While there is not a complete cure for AIDS yet, the picture is not that gloomy. According to researchers at the University of Alabama at Birmingham (UAB) and Simon Fraser University in Vancouver, British Columbia, the 13 years since late 1990s, has the life expectancy of people with human immunodeficiency virus (HIV).

Life expectancy graph

The advancement in the antiretroviral therapy has dropped the death rates due to AIDS by 40 percent in Europe and North America. As many as 14 different studies were conducted in all that involved 43,355 HIV-positive participants belonging to the aforementioned regions. Owing to the results (as seen in the graph via UAB) from the study, there is a need of spreading the therapy to the entire world.

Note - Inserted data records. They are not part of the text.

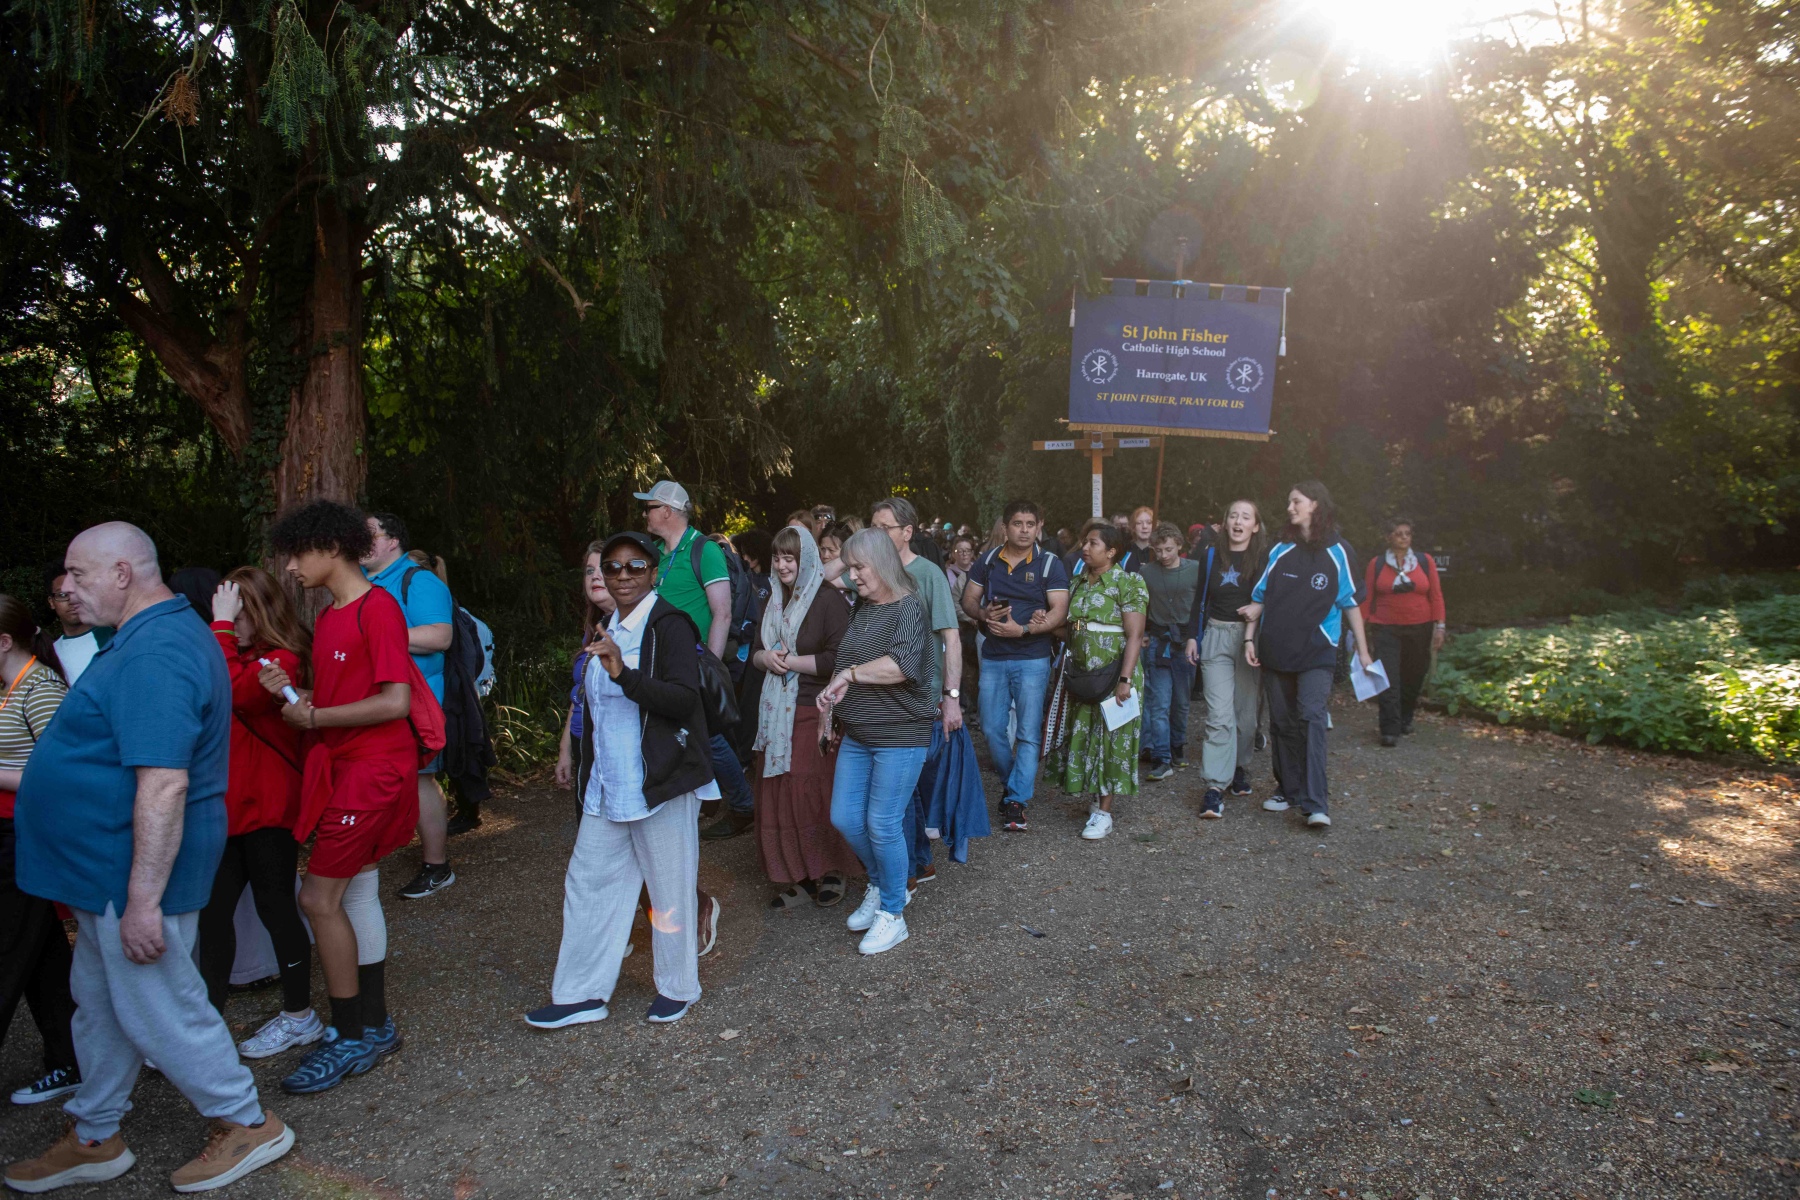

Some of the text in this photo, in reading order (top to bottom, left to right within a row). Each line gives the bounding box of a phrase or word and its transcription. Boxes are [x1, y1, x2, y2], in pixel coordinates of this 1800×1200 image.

[1122, 325, 1229, 344] St John Fisher
[1122, 342, 1226, 357] Catholic High School
[1136, 369, 1208, 382] Harrogate, UK
[1096, 392, 1245, 409] ST JOHN FISHER, PRAY FOR US
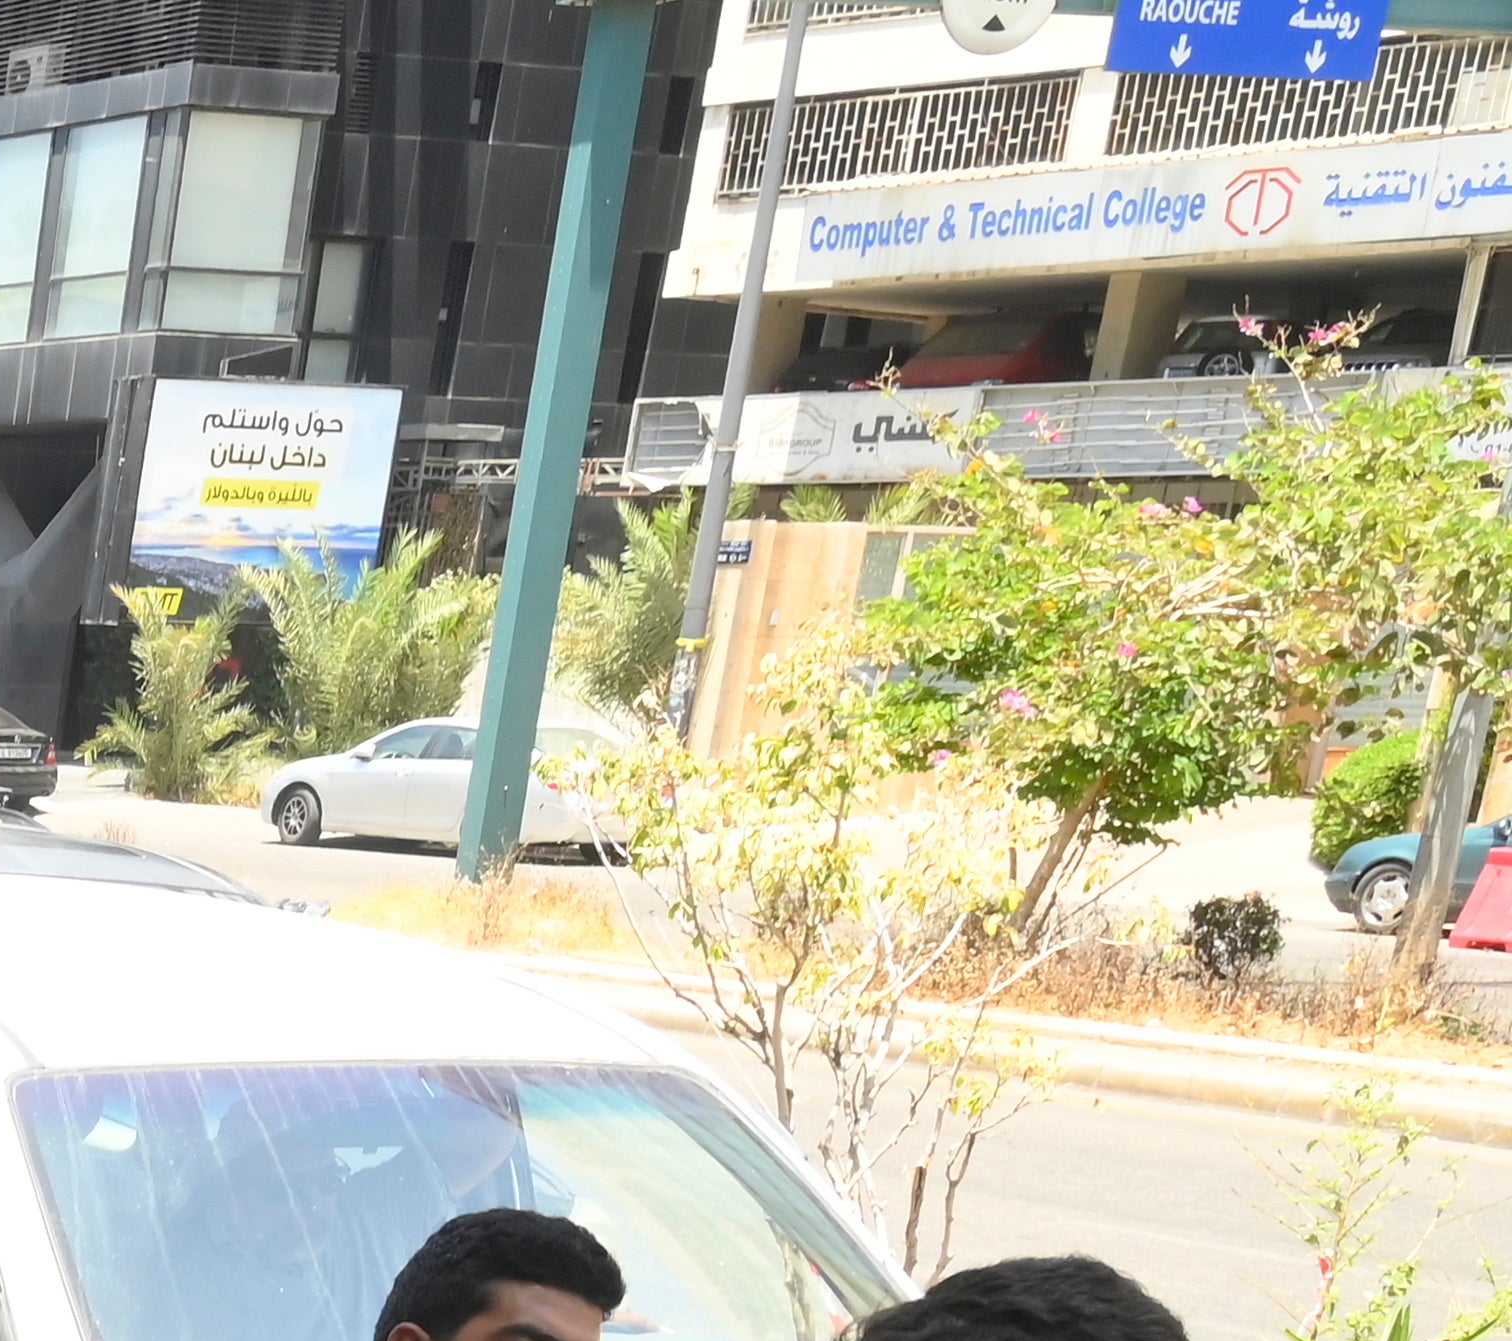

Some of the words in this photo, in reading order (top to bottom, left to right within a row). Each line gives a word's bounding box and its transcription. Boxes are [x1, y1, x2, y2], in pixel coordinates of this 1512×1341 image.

[1140, 0, 1242, 28] RAOUCHE
[808, 206, 930, 258] Computer
[937, 203, 956, 239] &
[968, 189, 1095, 241] Technical
[1102, 183, 1208, 229] College
[202, 408, 290, 436] واستلم
[210, 442, 266, 470] لبنان
[270, 444, 327, 471] داخل
[204, 483, 265, 504] وبالدولار

The studies were aimed at determining the effectiveness of “combination antiretroviral therapy (cART)” which involves a combination of drugs; in the 43,335 HIV patients.

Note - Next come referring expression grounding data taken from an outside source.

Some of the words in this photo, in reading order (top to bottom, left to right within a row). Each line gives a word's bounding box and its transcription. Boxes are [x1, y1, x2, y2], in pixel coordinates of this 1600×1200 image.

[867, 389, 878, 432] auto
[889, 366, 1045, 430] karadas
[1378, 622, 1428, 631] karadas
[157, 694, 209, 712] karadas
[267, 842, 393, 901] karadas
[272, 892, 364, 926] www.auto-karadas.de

“Since their introduction in 1996 cART regimens have become more effective, better tolerated and easier to follow,” said Michael Mugavero, M.D., an assistant professor in UAB’s Division of Infectious Diseases and a co-author on the study.

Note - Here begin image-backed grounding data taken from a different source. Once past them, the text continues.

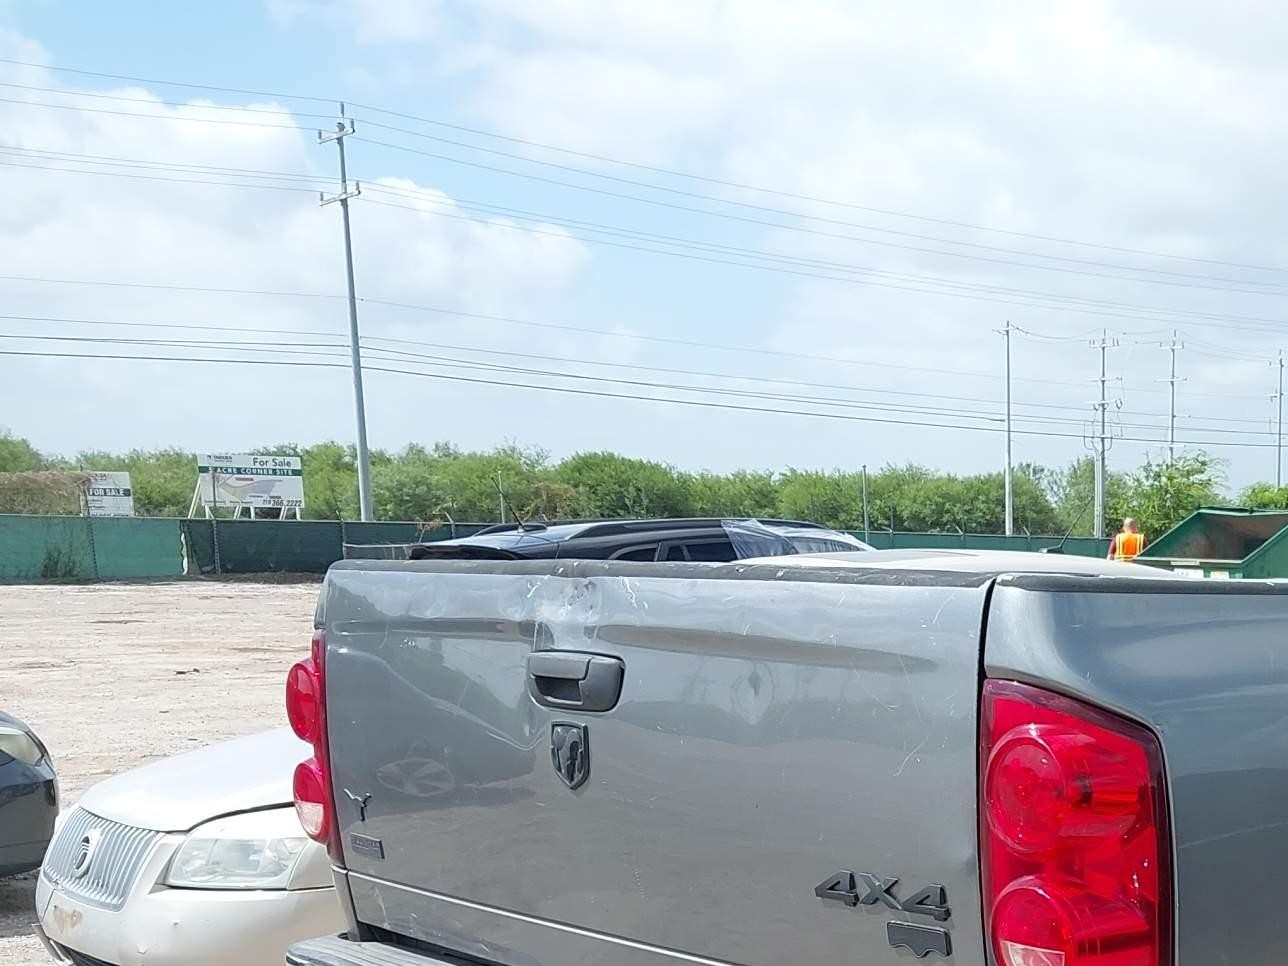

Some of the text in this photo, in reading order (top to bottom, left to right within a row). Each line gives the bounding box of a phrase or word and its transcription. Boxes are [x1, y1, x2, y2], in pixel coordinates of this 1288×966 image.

[253, 457, 292, 468] For Sale
[89, 488, 125, 497] FOR SALE
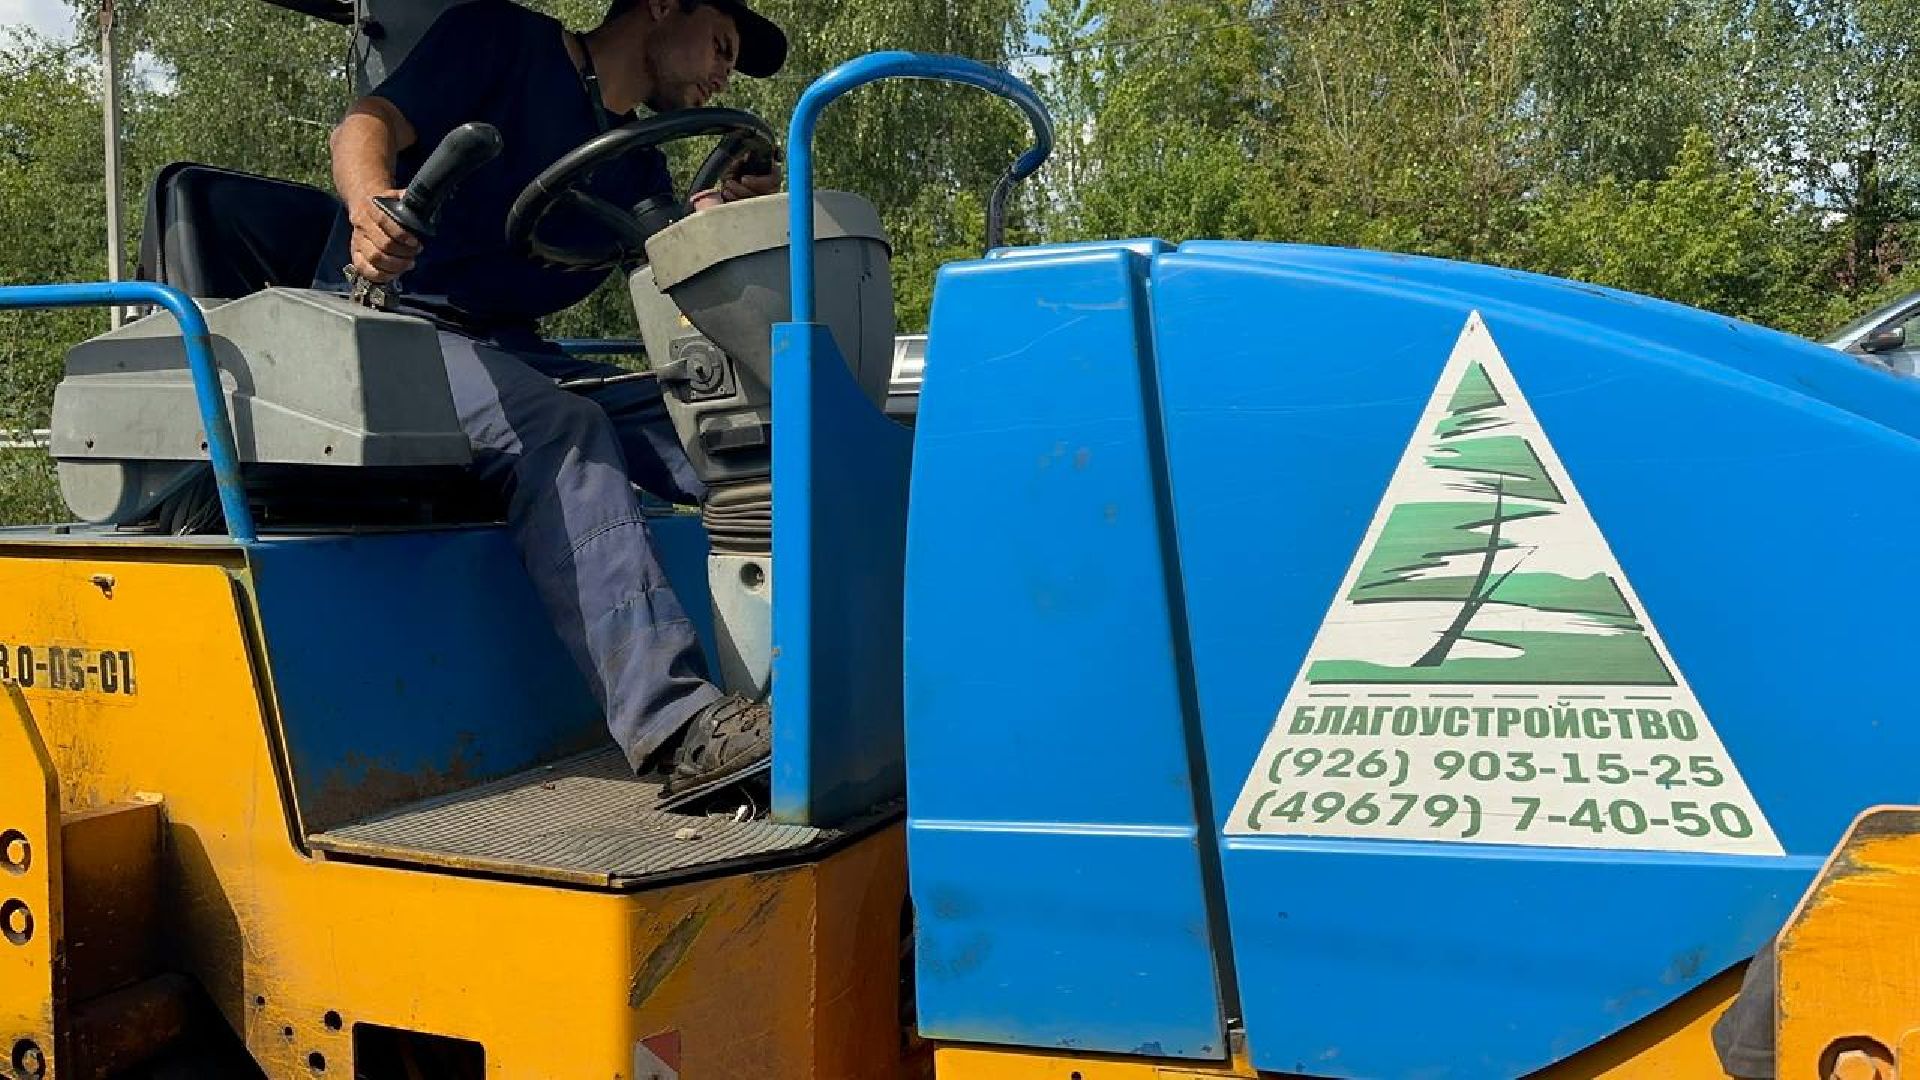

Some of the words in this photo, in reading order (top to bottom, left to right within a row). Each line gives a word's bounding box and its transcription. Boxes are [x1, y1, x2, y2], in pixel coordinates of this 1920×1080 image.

[1288, 701, 1699, 741] БЛАГОУСТРОЙСТВО
[1268, 747, 1410, 787] (926)
[1433, 750, 1724, 788] 903-15-25
[1247, 789, 1482, 838] (49679)
[1511, 796, 1754, 839] 7-40-50

“We are now seeing the benefits of years of research, hard work and efforts to make these medications widely available. This has led to dramatic improvements in life expectancy, but patients who start cART with more advanced HIV infection do not have the same level of benefit,” Mugavero said.

It has been found that the life expectancy in participants who started their therapy in 1996-1999 period have had their life expectancy increased by 13.8 years from 36.1 years, to 49.9 percent in participants who started their cART in between 2003-2005.

However, in comparison with the general population, the life expectancy in HIV positive patients with other chronic illnesses has found to be lower in average. An HIV positive person starting cART from the age of 20 can live upto 63 that has been estimated to be 20 years than a life of normal non-infected person.

A compilation of the studies done by The Antiretroviral Therapy Cohort Collaboration, including UAB, Simon Fraser University and many other research sites around the world has been published in the British medical journal – The Lancet.